** WHAT TO DO **
Retype the data that follows exactly. No pictures belong in the copy.

(Image-backed grounding data)

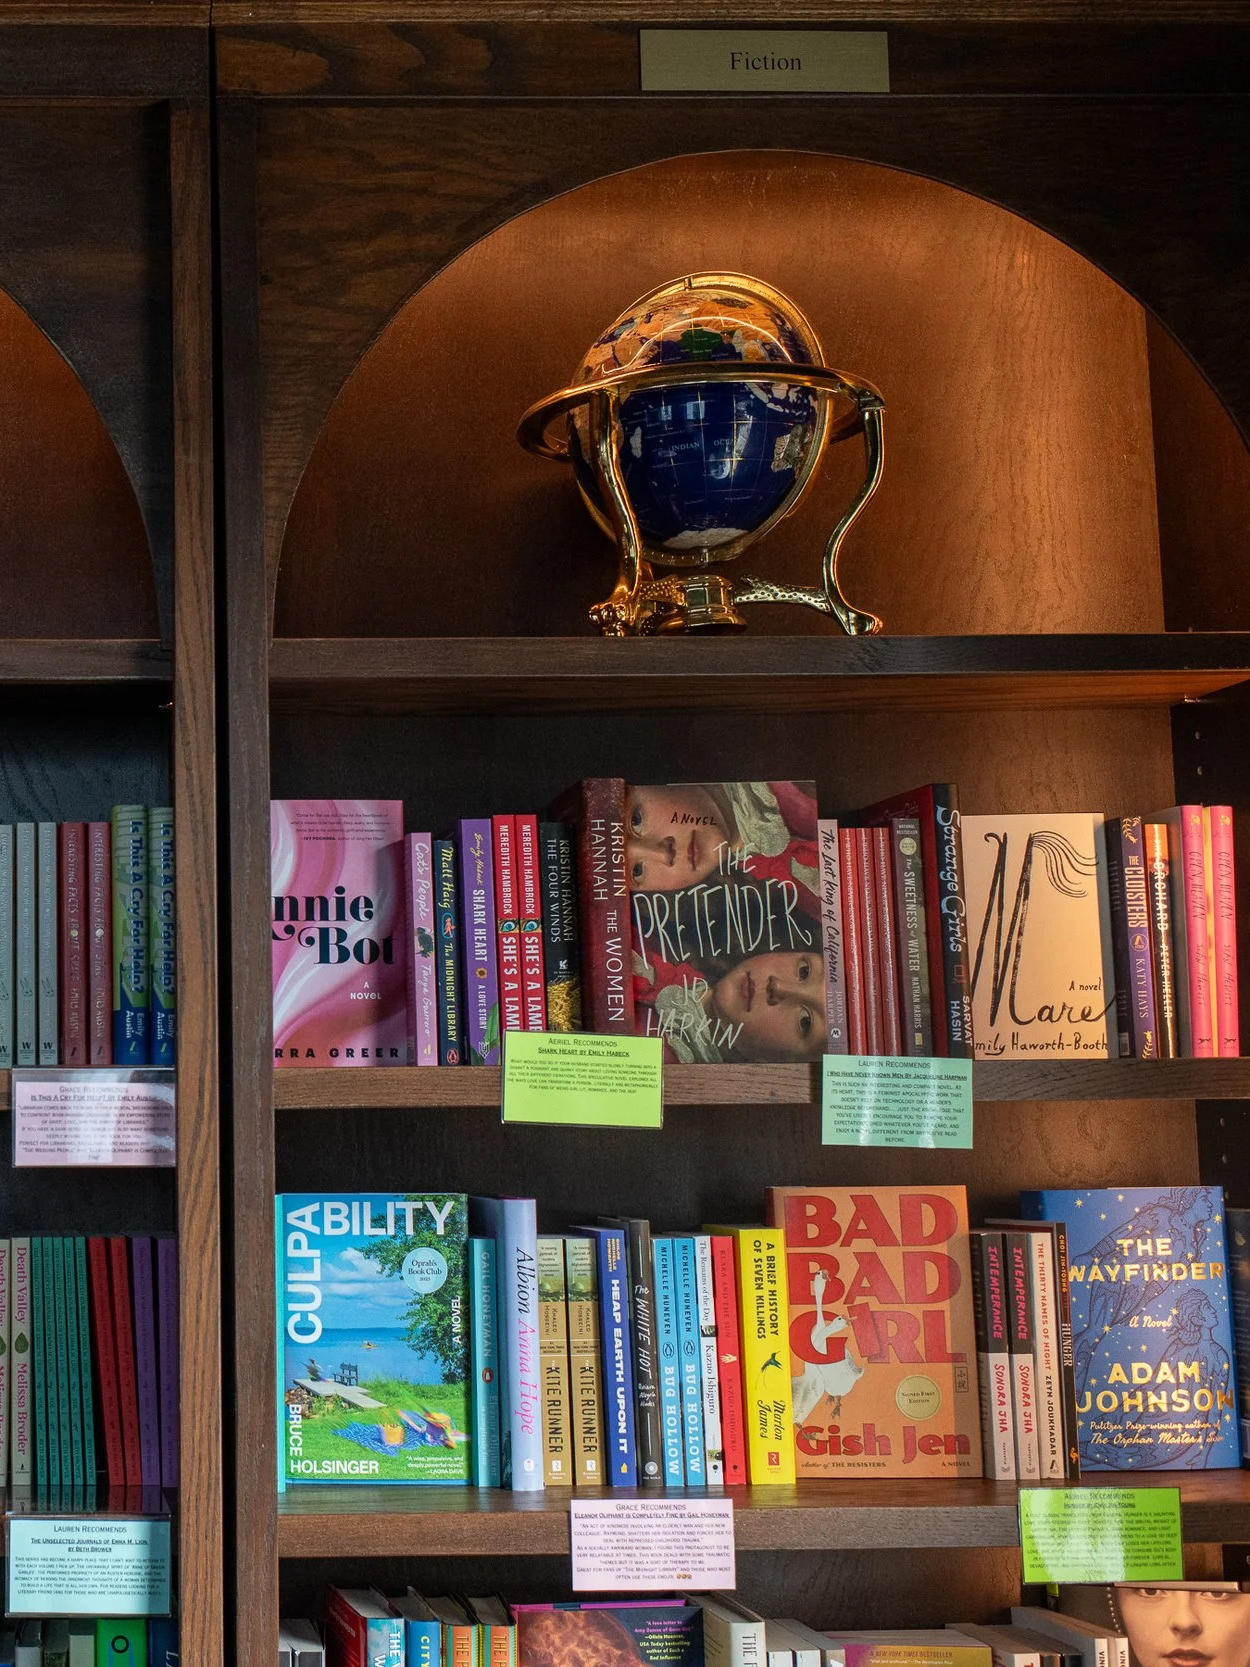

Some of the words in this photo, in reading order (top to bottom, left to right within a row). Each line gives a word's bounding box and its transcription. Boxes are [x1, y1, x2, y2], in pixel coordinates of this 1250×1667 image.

[730, 52, 802, 70] Fiction
[499, 825, 510, 867] MEREDITH
[590, 819, 608, 900] HANNAH
[610, 822, 626, 897] KRISTIN
[714, 841, 756, 876] THE
[936, 804, 960, 893] Strange
[473, 889, 486, 925] SHARK
[501, 870, 512, 914] HAMBROCK
[606, 910, 618, 933] THE
[633, 879, 812, 970] PRETENDER
[941, 896, 965, 953] Girls
[474, 929, 487, 963] HEART
[606, 938, 624, 1022] WOMEN
[646, 1008, 744, 1049] HARKIN
[950, 1000, 962, 1042] HASIN
[962, 996, 973, 1046] SARVAT
[329, 1048, 399, 1058] GREER
[784, 1194, 958, 1247] BAD
[753, 1240, 761, 1253] OF
[1117, 1239, 1173, 1256] THE
[287, 1200, 454, 1344] CULPABILITY
[517, 1247, 535, 1314] Albion
[754, 1257, 764, 1292] SEVEN
[766, 1253, 776, 1285] BRIEF
[789, 1251, 962, 1305] BAD
[1069, 1262, 1224, 1281] WAYFINDER
[612, 1280, 620, 1322] HEAP
[768, 1290, 778, 1336] HISTORY
[988, 1246, 1003, 1340] INTEMPERANCE
[756, 1295, 766, 1339] KILLINGS
[791, 1304, 967, 1365] GIRL
[517, 1321, 536, 1373] Anna
[613, 1327, 623, 1382] EARTH
[546, 1366, 560, 1396] KITE
[685, 1364, 696, 1395] BUG
[1108, 1361, 1200, 1383] ADAM
[514, 1380, 538, 1434] Hope
[616, 1387, 626, 1434] UPON
[757, 1400, 770, 1438] James
[772, 1400, 786, 1441] Marlon
[1076, 1388, 1234, 1414] JOHNSON
[289, 1404, 302, 1457] BRUCE
[547, 1399, 563, 1453] RUNNER
[618, 1438, 627, 1453] IT
[688, 1402, 701, 1473] HOLLOW
[796, 1423, 892, 1458] Gish
[903, 1425, 970, 1465] Jen
[290, 1460, 379, 1475] HOLSINGER

** ANSWER BOX **
Some of the words in this photo, in reading order (top to bottom, left to right within a row). Each line gives a word's bounding box and its transcription. Boxes are [x1, y1, x2, y2], in pixel coordinates of this 1250×1667 image.

[730, 52, 802, 70] Fiction
[499, 825, 510, 867] MEREDITH
[590, 819, 608, 900] HANNAH
[610, 822, 626, 897] KRISTIN
[714, 841, 756, 876] THE
[936, 804, 960, 893] Strange
[473, 889, 486, 925] SHARK
[501, 870, 512, 914] HAMBROCK
[606, 910, 618, 933] THE
[633, 879, 812, 970] PRETENDER
[941, 896, 965, 953] Girls
[474, 929, 487, 963] HEART
[606, 938, 624, 1022] WOMEN
[646, 1008, 744, 1049] HARKIN
[950, 1000, 962, 1042] HASIN
[962, 996, 973, 1046] SARVAT
[329, 1048, 399, 1058] GREER
[784, 1194, 958, 1247] BAD
[753, 1240, 761, 1253] OF
[1117, 1239, 1173, 1256] THE
[287, 1200, 454, 1344] CULPABILITY
[517, 1247, 535, 1314] Albion
[754, 1257, 764, 1292] SEVEN
[766, 1253, 776, 1285] BRIEF
[789, 1251, 962, 1305] BAD
[1069, 1262, 1224, 1281] WAYFINDER
[612, 1280, 620, 1322] HEAP
[768, 1290, 778, 1336] HISTORY
[988, 1246, 1003, 1340] INTEMPERANCE
[756, 1295, 766, 1339] KILLINGS
[791, 1304, 967, 1365] GIRL
[517, 1321, 536, 1373] Anna
[613, 1327, 623, 1382] EARTH
[546, 1366, 560, 1396] KITE
[685, 1364, 696, 1395] BUG
[1108, 1361, 1200, 1383] ADAM
[514, 1380, 538, 1434] Hope
[616, 1387, 626, 1434] UPON
[757, 1400, 770, 1438] James
[772, 1400, 786, 1441] Marlon
[1076, 1388, 1234, 1414] JOHNSON
[289, 1404, 302, 1457] BRUCE
[547, 1399, 563, 1453] RUNNER
[618, 1438, 627, 1453] IT
[688, 1402, 701, 1473] HOLLOW
[796, 1423, 892, 1458] Gish
[903, 1425, 970, 1465] Jen
[290, 1460, 379, 1475] HOLSINGER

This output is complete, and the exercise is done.